> [PROMPT]
Nothing other than the lines from the one containing "this 1333×1126 image." through the close of the entries below should be printed, each exactly.

[Source data]
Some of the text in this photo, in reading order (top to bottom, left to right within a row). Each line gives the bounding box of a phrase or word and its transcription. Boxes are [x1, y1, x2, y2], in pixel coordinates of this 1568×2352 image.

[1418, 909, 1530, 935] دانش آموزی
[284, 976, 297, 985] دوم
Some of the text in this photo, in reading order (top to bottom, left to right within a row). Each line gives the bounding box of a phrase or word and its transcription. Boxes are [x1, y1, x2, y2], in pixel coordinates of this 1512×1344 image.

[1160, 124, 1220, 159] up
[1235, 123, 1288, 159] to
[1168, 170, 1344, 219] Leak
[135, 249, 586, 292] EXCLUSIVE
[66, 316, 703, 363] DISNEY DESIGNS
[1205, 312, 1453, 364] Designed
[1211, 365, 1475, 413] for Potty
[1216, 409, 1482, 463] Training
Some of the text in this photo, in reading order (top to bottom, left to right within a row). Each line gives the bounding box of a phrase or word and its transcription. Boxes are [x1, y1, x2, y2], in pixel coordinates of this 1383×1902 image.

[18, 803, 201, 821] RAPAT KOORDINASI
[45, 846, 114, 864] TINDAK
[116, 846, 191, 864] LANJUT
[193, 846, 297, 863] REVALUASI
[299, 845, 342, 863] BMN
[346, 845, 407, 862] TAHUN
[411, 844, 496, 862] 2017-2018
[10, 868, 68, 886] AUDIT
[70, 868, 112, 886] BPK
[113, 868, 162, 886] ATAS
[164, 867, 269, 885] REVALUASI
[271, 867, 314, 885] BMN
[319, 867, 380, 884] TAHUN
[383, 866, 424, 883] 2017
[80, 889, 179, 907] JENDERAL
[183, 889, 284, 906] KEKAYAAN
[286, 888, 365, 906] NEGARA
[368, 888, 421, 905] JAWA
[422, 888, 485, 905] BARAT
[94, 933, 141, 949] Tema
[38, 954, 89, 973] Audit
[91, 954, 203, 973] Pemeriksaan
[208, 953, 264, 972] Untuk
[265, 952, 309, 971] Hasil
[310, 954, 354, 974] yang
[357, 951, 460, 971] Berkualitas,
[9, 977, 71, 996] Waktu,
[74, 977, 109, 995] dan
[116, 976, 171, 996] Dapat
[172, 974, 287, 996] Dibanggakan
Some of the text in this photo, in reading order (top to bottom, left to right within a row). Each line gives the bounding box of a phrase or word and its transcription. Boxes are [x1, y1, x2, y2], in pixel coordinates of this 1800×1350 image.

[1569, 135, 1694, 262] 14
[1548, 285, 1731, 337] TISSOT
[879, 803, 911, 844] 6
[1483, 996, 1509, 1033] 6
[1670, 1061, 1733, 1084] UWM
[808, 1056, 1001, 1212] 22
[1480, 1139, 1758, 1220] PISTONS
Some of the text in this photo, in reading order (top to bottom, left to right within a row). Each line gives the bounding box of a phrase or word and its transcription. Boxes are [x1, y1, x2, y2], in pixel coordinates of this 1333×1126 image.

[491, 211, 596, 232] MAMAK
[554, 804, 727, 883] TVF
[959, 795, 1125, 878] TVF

> [ANSWER TO THIS EXERCISE]
Some of the text in this photo, in reading order (top to bottom, left to right within a row). Each line gives the bounding box of a phrase or word and its transcription. Boxes are [x1, y1, x2, y2], in pixel coordinates of this 1333×1126 image.

[491, 211, 596, 232] MAMAK
[554, 804, 727, 883] TVF
[959, 795, 1125, 878] TVF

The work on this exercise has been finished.